# [TASK DESCRIPTION]
Copy the entries that appear below in full, leaving out any picture among them.

(Images for object localization)

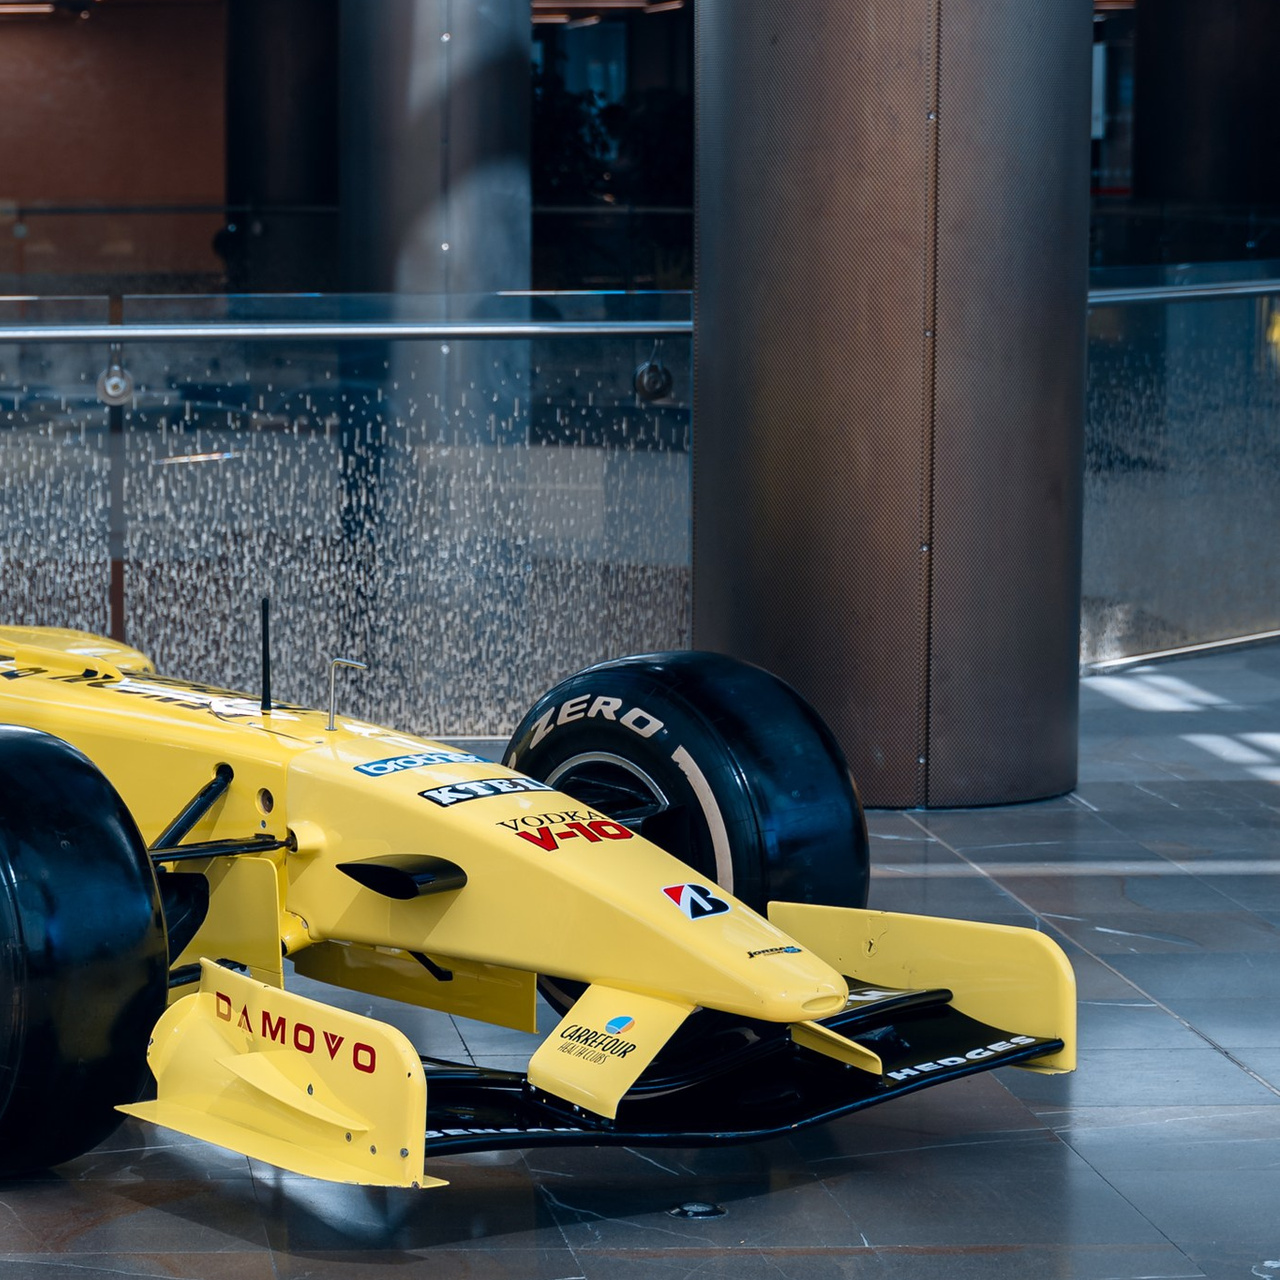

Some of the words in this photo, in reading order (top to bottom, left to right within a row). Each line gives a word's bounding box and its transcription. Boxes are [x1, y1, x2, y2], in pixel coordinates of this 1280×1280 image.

[529, 693, 665, 750] ZERO
[495, 809, 615, 832] VODKA
[515, 820, 635, 852] V-10
[215, 991, 377, 1074] DAMOVO
[559, 1023, 637, 1059] CARREFOUR
[885, 1035, 1037, 1081] HEDGES

# [RESPONSE TO THE TASK]
Some of the words in this photo, in reading order (top to bottom, left to right within a row). Each line gives a word's bounding box and its transcription. Boxes are [x1, y1, x2, y2], in pixel coordinates of this 1280×1280 image.

[529, 693, 665, 750] ZERO
[495, 809, 615, 832] VODKA
[515, 820, 635, 852] V-10
[215, 991, 377, 1074] DAMOVO
[559, 1023, 637, 1059] CARREFOUR
[885, 1035, 1037, 1081] HEDGES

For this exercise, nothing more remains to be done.